■ Work to complete ■
What follows is a set of entries. Repeat them exactly, but not their pictures.

■ Supplied records ■
= Beginning of Section =

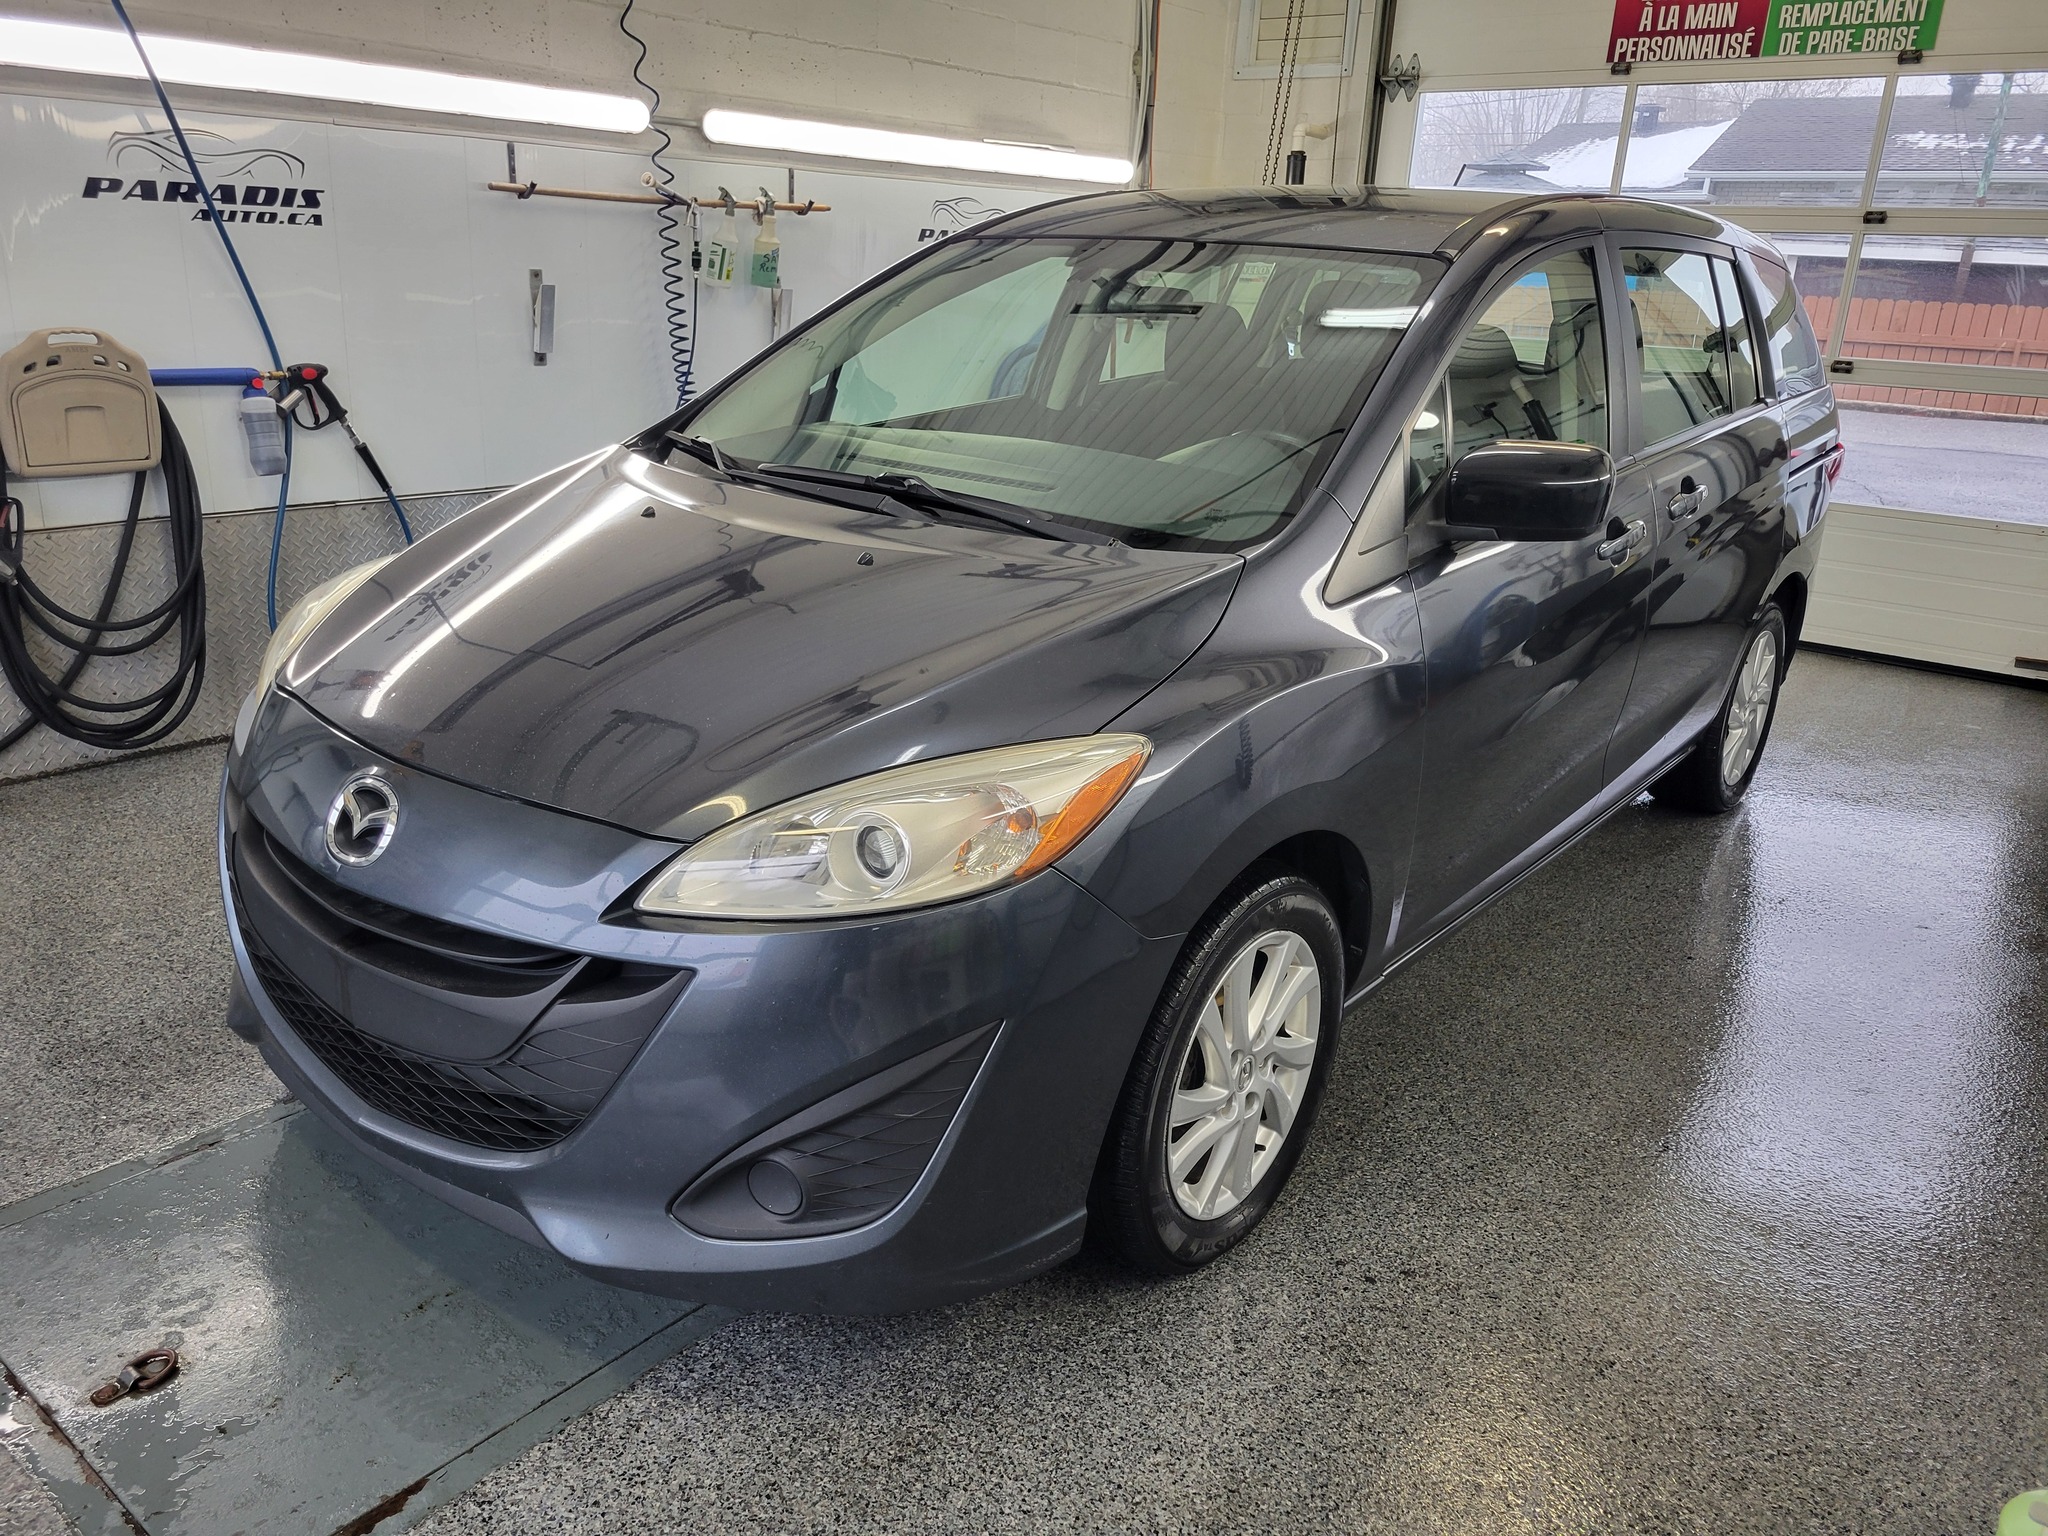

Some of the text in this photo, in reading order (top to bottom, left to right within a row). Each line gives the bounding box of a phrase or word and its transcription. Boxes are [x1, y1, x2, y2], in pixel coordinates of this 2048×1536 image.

[1638, 1, 1739, 32] À LA MAIN
[1778, 0, 1929, 28] REMPLACEMENT
[1613, 26, 1756, 62] PERSONNALISÉ
[1778, 26, 1921, 56] DE PARE-BRISE
[82, 177, 325, 209] PARADIS
[191, 209, 323, 226] AUTO.CA
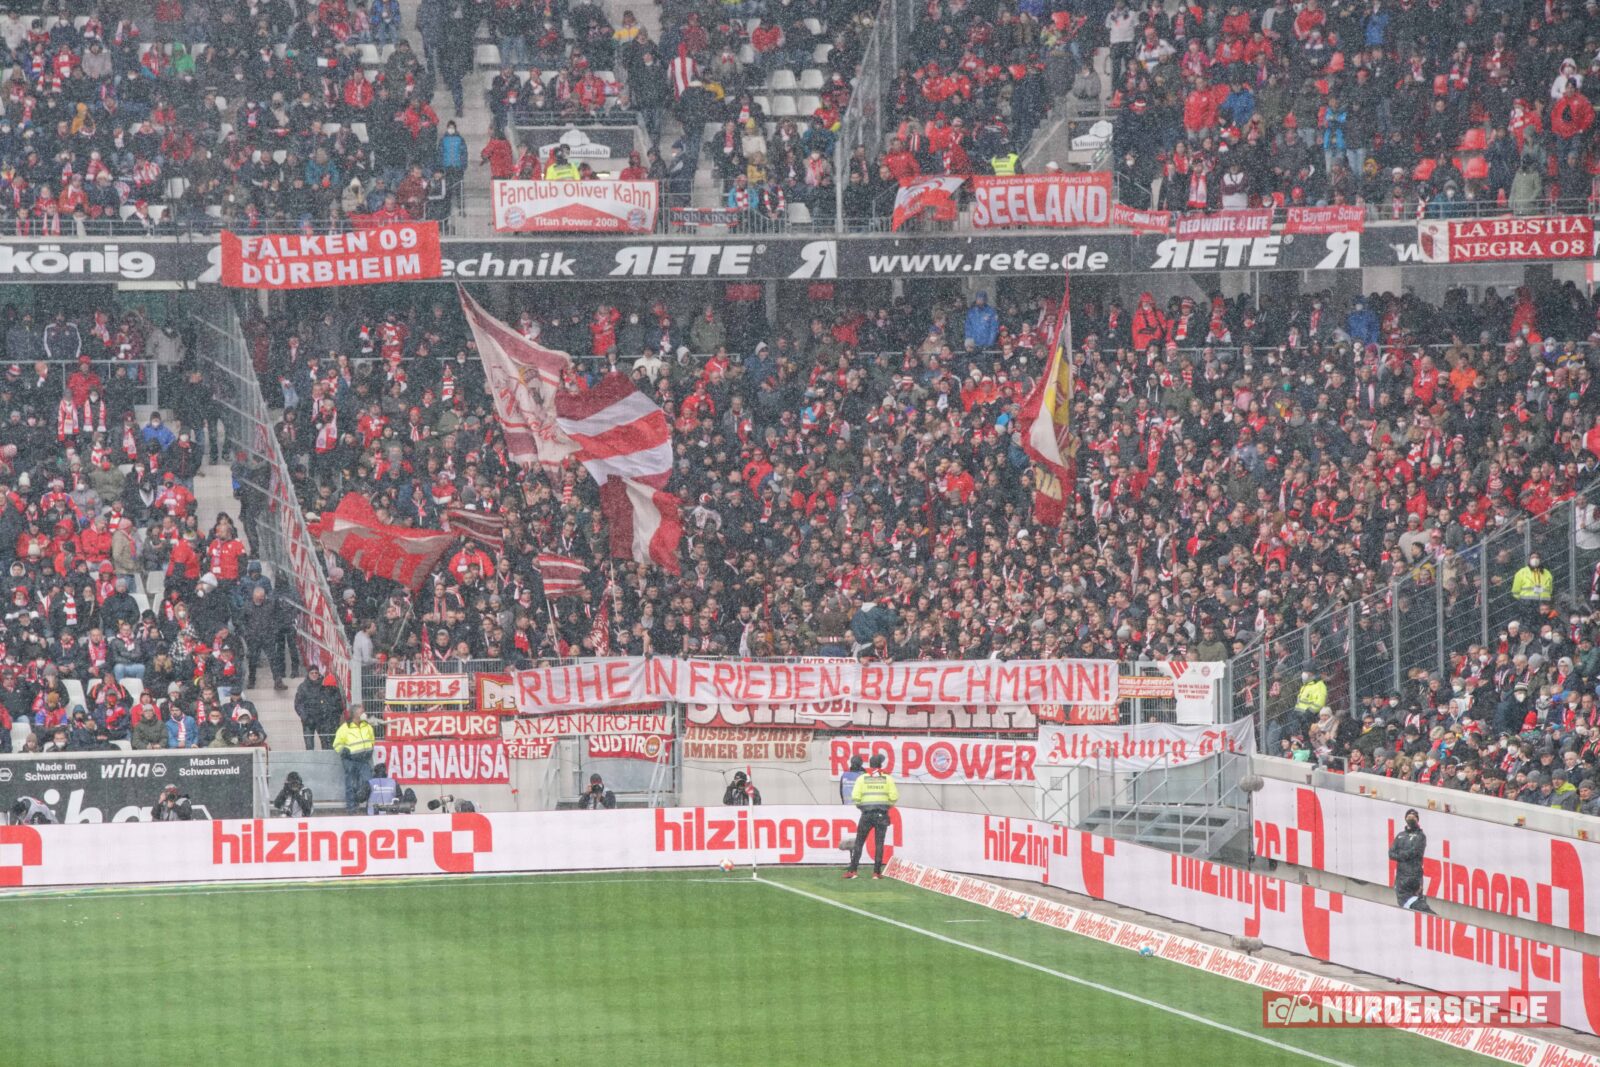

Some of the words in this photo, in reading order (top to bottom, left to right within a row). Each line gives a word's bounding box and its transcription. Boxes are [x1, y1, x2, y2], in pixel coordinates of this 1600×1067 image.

[500, 183, 558, 207] Fanclub
[564, 182, 608, 199] Oliver
[613, 182, 651, 209] Kahn
[974, 185, 1107, 226] SEELAND
[535, 217, 559, 227] Titan
[562, 217, 593, 228] Power
[595, 218, 618, 228] 2008
[1179, 220, 1200, 234] RED
[1201, 217, 1235, 231] WHITE
[1246, 216, 1268, 230] LIFE
[1288, 208, 1300, 222] FC
[1455, 222, 1487, 238] LA
[1494, 218, 1587, 236] BESTIA
[868, 245, 1109, 273] www.rete.de
[1454, 240, 1544, 258] NEGRA
[242, 254, 421, 285] DÜRBHEIM
[396, 680, 461, 698] REBELS
[517, 661, 631, 707] RUHE
[645, 656, 677, 696] IN
[860, 662, 1110, 703] BUSCHMANN!
[1077, 705, 1117, 722] PRIDE
[387, 715, 497, 737] HARZBURG
[514, 715, 666, 737] ANZENKIRCHEN
[508, 745, 548, 759] REIHE
[684, 743, 738, 758] IMMER
[743, 743, 769, 758] BEI
[774, 743, 806, 759] UNS
[1048, 732, 1188, 764] Altenburg
[36, 763, 63, 771] Made
[65, 762, 77, 771] im
[101, 759, 151, 779] wiha
[179, 765, 240, 776] Schwarzwald
[190, 758, 216, 767] Made
[217, 757, 229, 766] im
[902, 741, 1037, 780] POWER
[25, 770, 87, 781] Schwarzwald
[655, 807, 858, 864] hilzinger
[212, 819, 424, 876] hilzinger

= End of Section =

■ Answer ■
Some of the text in this photo, in reading order (top to bottom, left to right within a row). Each line gives the bounding box of a phrase or word and its transcription. Boxes are [x1, y1, x2, y2], in pixel coordinates of this 2048×1536 image.

[1638, 1, 1739, 32] À LA MAIN
[1778, 0, 1929, 28] REMPLACEMENT
[1613, 26, 1756, 62] PERSONNALISÉ
[1778, 26, 1921, 56] DE PARE-BRISE
[82, 177, 325, 209] PARADIS
[191, 209, 323, 226] AUTO.CA

Some of the words in this photo, in reading order (top to bottom, left to right within a row). Each line gives a word's bounding box and its transcription. Boxes are [x1, y1, x2, y2], in pixel coordinates of this 1600×1067 image.

[500, 183, 558, 207] Fanclub
[564, 182, 608, 199] Oliver
[613, 182, 651, 209] Kahn
[974, 185, 1107, 226] SEELAND
[535, 217, 559, 227] Titan
[562, 217, 593, 228] Power
[595, 218, 618, 228] 2008
[1179, 220, 1200, 234] RED
[1201, 217, 1235, 231] WHITE
[1246, 216, 1268, 230] LIFE
[1288, 208, 1300, 222] FC
[1455, 222, 1487, 238] LA
[1494, 218, 1587, 236] BESTIA
[868, 245, 1109, 273] www.rete.de
[1454, 240, 1544, 258] NEGRA
[242, 254, 421, 285] DÜRBHEIM
[396, 680, 461, 698] REBELS
[517, 661, 631, 707] RUHE
[645, 656, 677, 696] IN
[860, 662, 1110, 703] BUSCHMANN!
[1077, 705, 1117, 722] PRIDE
[387, 715, 497, 737] HARZBURG
[514, 715, 666, 737] ANZENKIRCHEN
[508, 745, 548, 759] REIHE
[684, 743, 738, 758] IMMER
[743, 743, 769, 758] BEI
[774, 743, 806, 759] UNS
[1048, 732, 1188, 764] Altenburg
[36, 763, 63, 771] Made
[65, 762, 77, 771] im
[101, 759, 151, 779] wiha
[179, 765, 240, 776] Schwarzwald
[190, 758, 216, 767] Made
[217, 757, 229, 766] im
[902, 741, 1037, 780] POWER
[25, 770, 87, 781] Schwarzwald
[655, 807, 858, 864] hilzinger
[212, 819, 424, 876] hilzinger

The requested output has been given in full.